An exact copy of every record below is required, with the pictures left out.
====== Available data
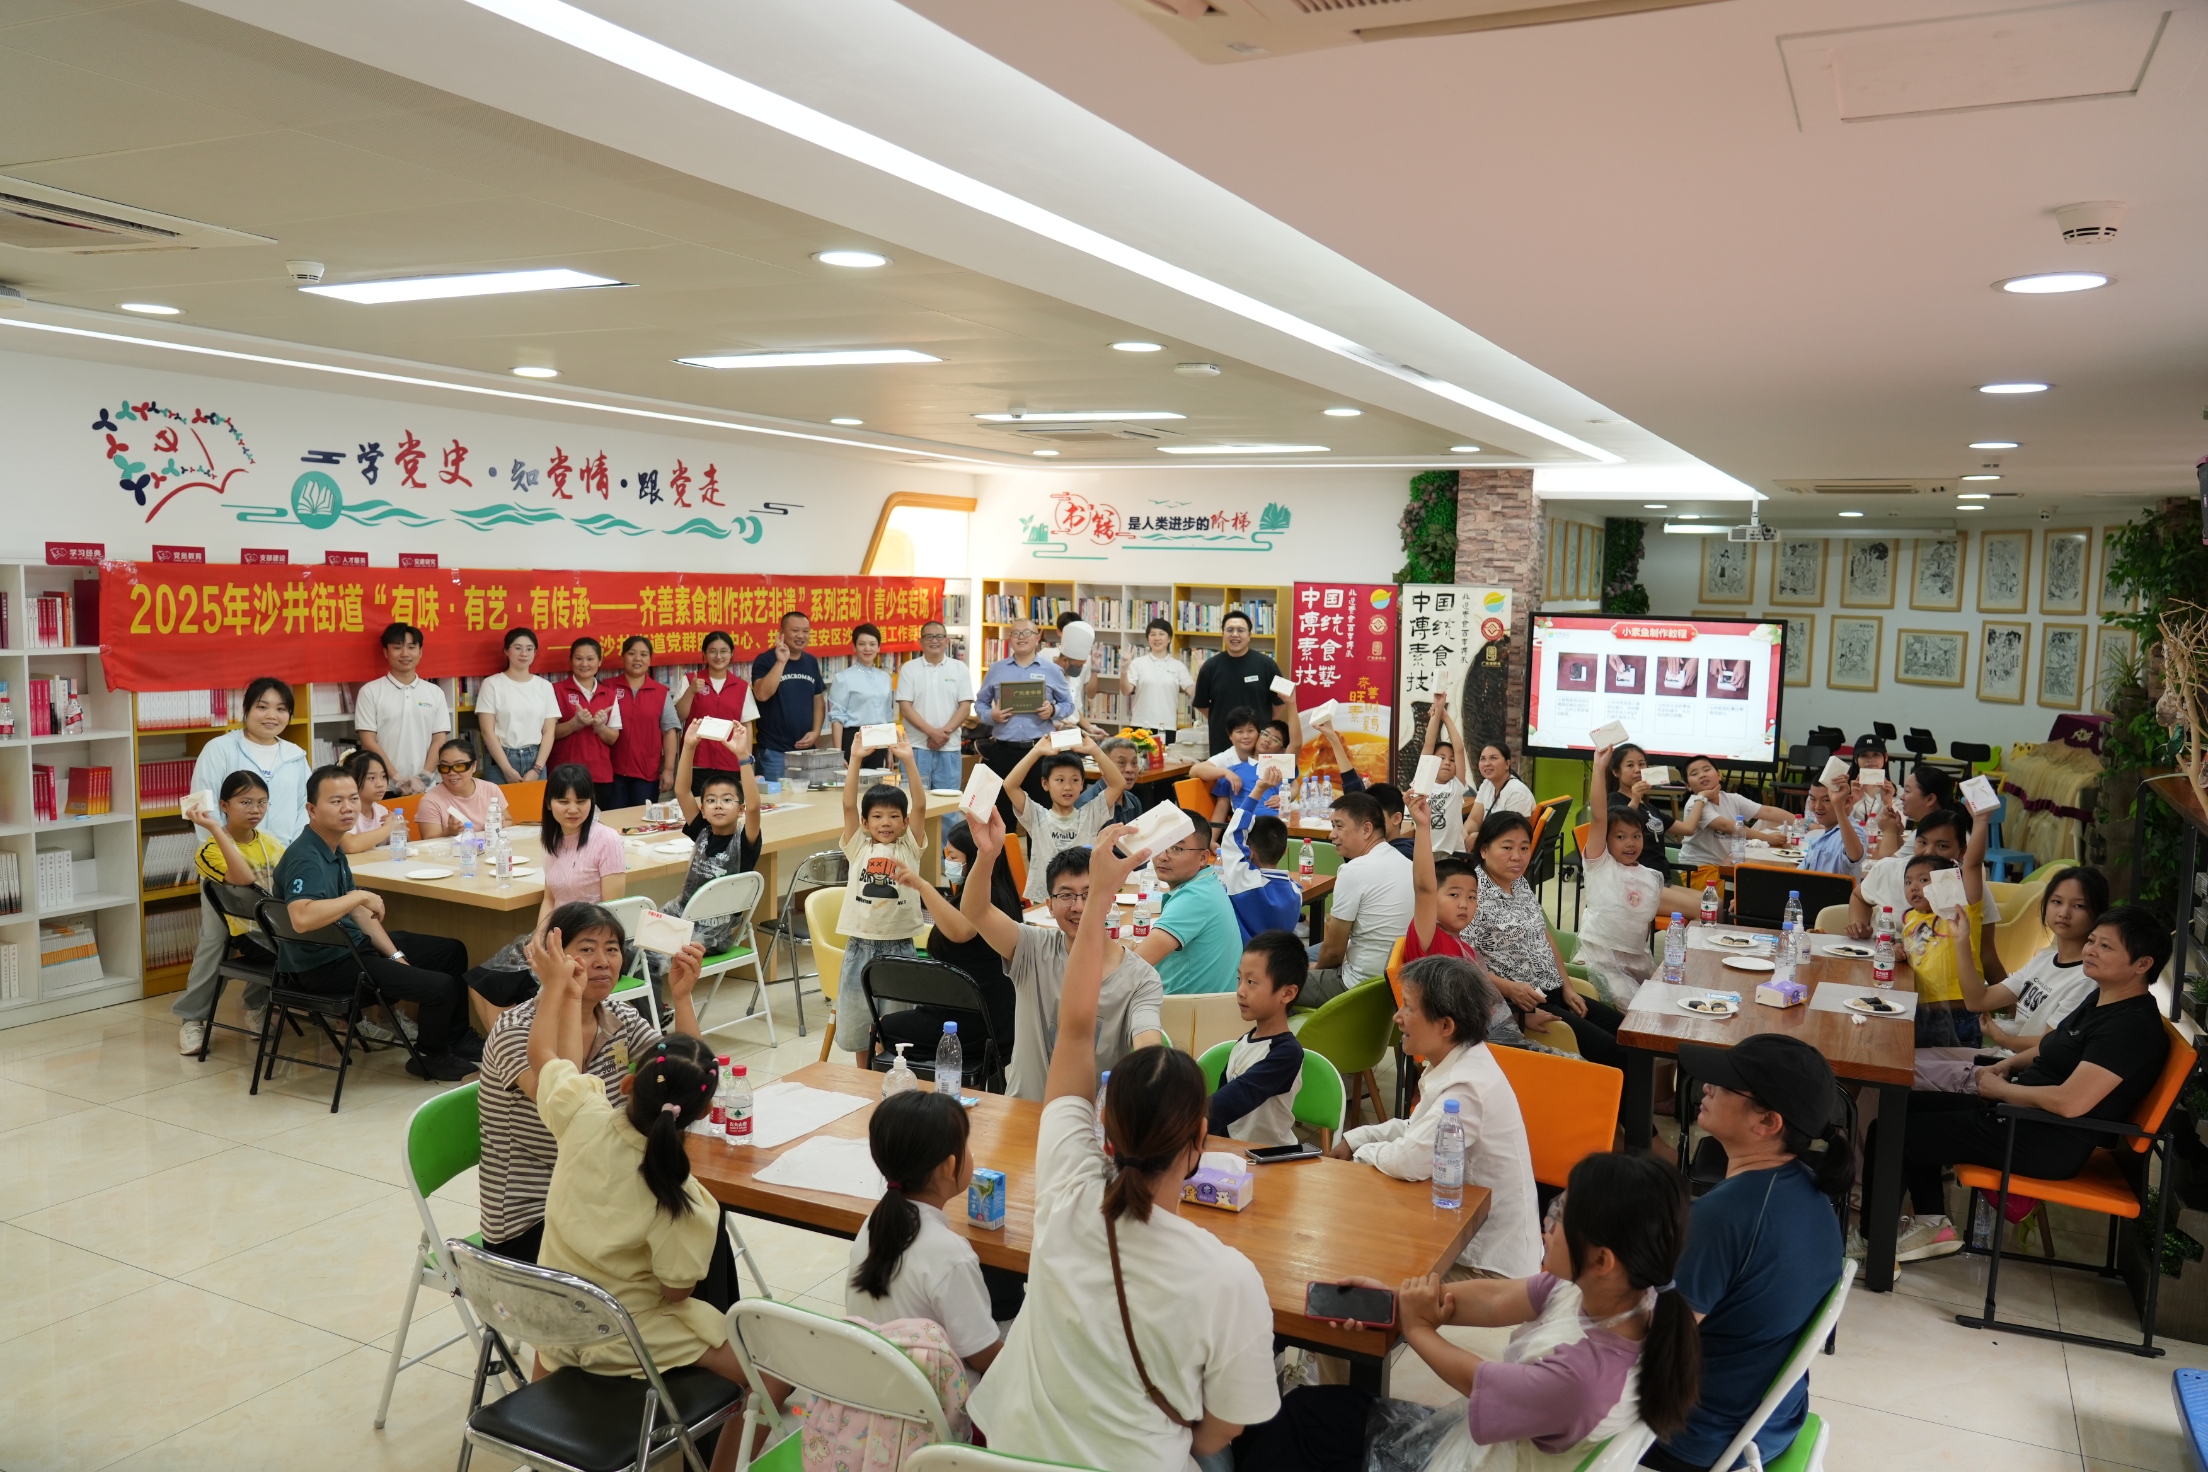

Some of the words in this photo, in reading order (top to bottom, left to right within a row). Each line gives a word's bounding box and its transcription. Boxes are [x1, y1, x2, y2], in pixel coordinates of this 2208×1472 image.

[69, 548, 102, 557] 学习经典
[173, 552, 203, 560] 党员教育
[259, 554, 286, 562] 支部建设
[342, 556, 366, 564] 人才服务
[414, 558, 437, 566] 党建研究
[1301, 586, 1345, 610] 中国
[1412, 590, 1455, 613] 中国
[1621, 626, 1688, 639] 小素鱼制作教程
[1297, 637, 1343, 661] 素食
[1409, 643, 1455, 667] 素食
[293, 878, 304, 894] 3
============
Answer for the task:
Some of the words in this photo, in reading order (top to bottom, left to right within a row). Each line gives a word's bounding box and its transcription. Boxes are [x1, y1, x2, y2], in pixel coordinates of this 2208×1472 image.

[69, 548, 102, 557] 学习经典
[173, 552, 203, 560] 党员教育
[259, 554, 286, 562] 支部建设
[342, 556, 366, 564] 人才服务
[414, 558, 437, 566] 党建研究
[1301, 586, 1345, 610] 中国
[1412, 590, 1455, 613] 中国
[1621, 626, 1688, 639] 小素鱼制作教程
[1297, 637, 1343, 661] 素食
[1409, 643, 1455, 667] 素食
[293, 878, 304, 894] 3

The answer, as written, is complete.